But he has a lot of company on changing positions on Common Core, which could limit the number of potential rivals willing to criticize him. Governors Chris Christie of New Jersey and Bobby Jindal of Louisiana have also reversed their support for the standards, with Bush remaining as one of the few who still support them.
Walker, who built much of his national profile on challenging public sector unions in Wisconsin, has also shifted positions on right-to-work legislation.
In 2012, while he was battling the public sector unions, Walker said he would do everything he could to prevent right-to-work legislation from becoming law even though he had backed such legislation going back to 1993. "I have no interest in pursuing right-to-work legislation in this state," he told reporters in Wisconsin. "It's not going to get to my desk."
But last month, it did come to his desk and he signed it.
Walker has tried to win back some social conservatives who have been skeptical of his positions on abortion issues. Last fall, during a heated gubernatorial reelection campaign, he ran a 30-second ad that noted while he was antiabortion, he also supported legislation that "leaves the final decision to a woman and her doctor."
He also declined at the time to say whether he still believed abortion should be prohibited after 20 weeks, even though he has previously filed legislation doing so and had a 100 percent rating from prolife groups.
But last month, Walker wrote an open letter saying he would sign legislation that would prohibit abortions after 20 weeks.

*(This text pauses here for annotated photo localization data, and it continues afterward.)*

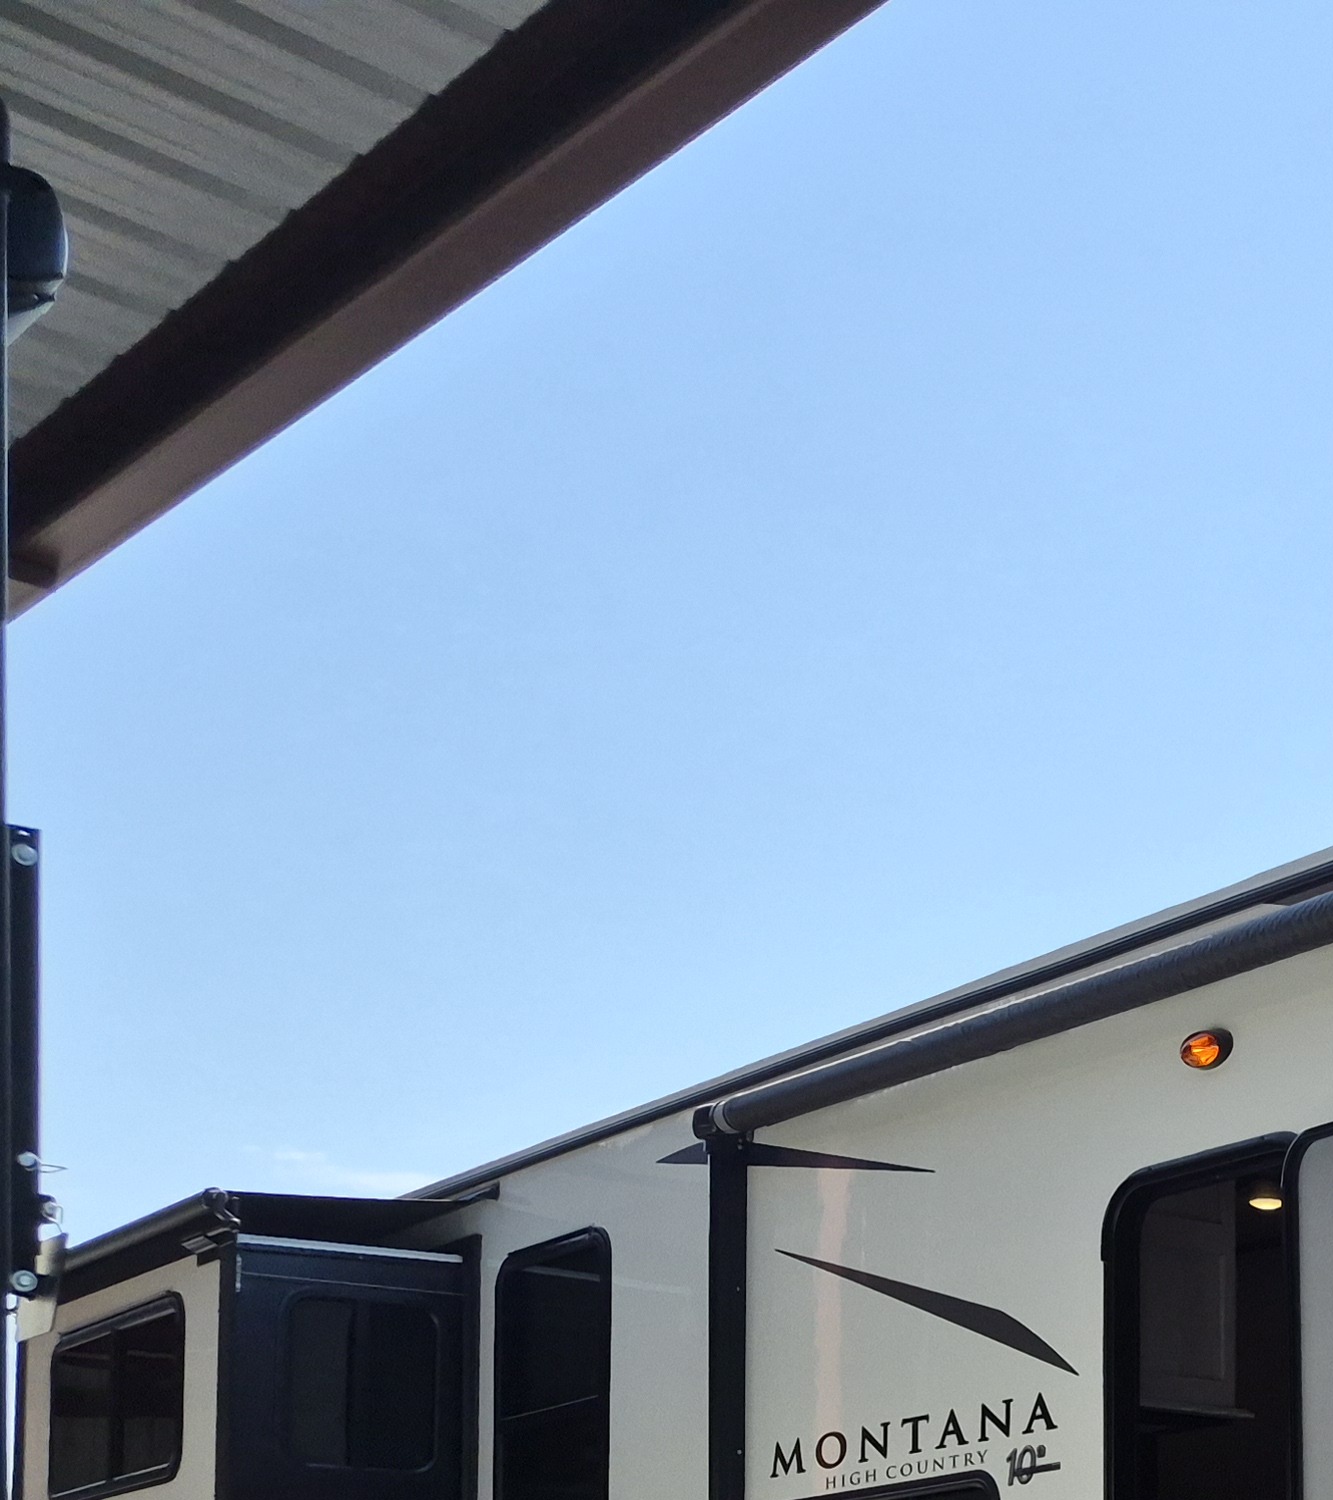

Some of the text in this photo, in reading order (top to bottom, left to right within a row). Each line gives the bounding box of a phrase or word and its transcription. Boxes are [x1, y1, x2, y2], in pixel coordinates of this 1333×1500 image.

[769, 1391, 1058, 1478] MONTANA
[825, 1468, 878, 1490] HIGH
[885, 1448, 989, 1480] COUNTRY
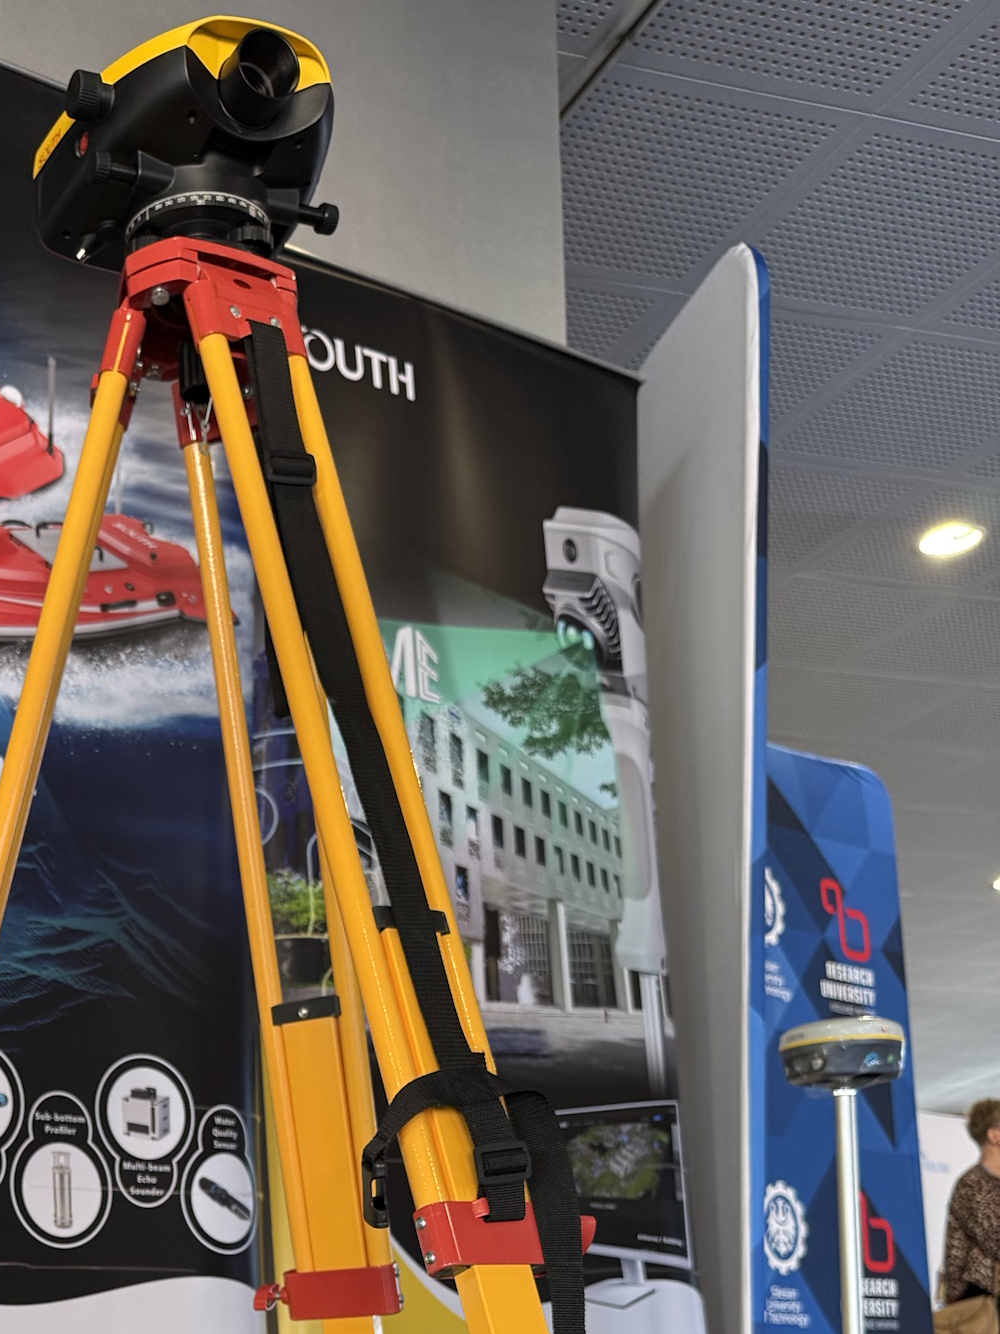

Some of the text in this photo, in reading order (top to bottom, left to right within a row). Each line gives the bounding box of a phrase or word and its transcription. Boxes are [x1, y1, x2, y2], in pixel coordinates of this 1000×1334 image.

[303, 328, 416, 402] OUTH
[825, 960, 876, 987] RESEARCH
[820, 978, 877, 1007] UNIVERSITY
[35, 1111, 86, 1124] Sub-bottom
[44, 1125, 77, 1137] Profiler
[123, 1161, 171, 1173] Multi-beam
[137, 1175, 158, 1184] Echo
[129, 1187, 165, 1197] Sounder
[861, 1277, 898, 1298] SEARCH
[863, 1298, 899, 1318] ERSITY

"It's one thing if you have an honest change of position on an issue that you want to clarify," said John McLaughlin, a Republican pollster who is unaligned in the 2016 contest. "But when it becomes a series of issues where all the sudden you're changing positions, it brings into question your character and integrity. . . . Then, you've got a serious problem that you're spending time explaining — and you're not playing offense."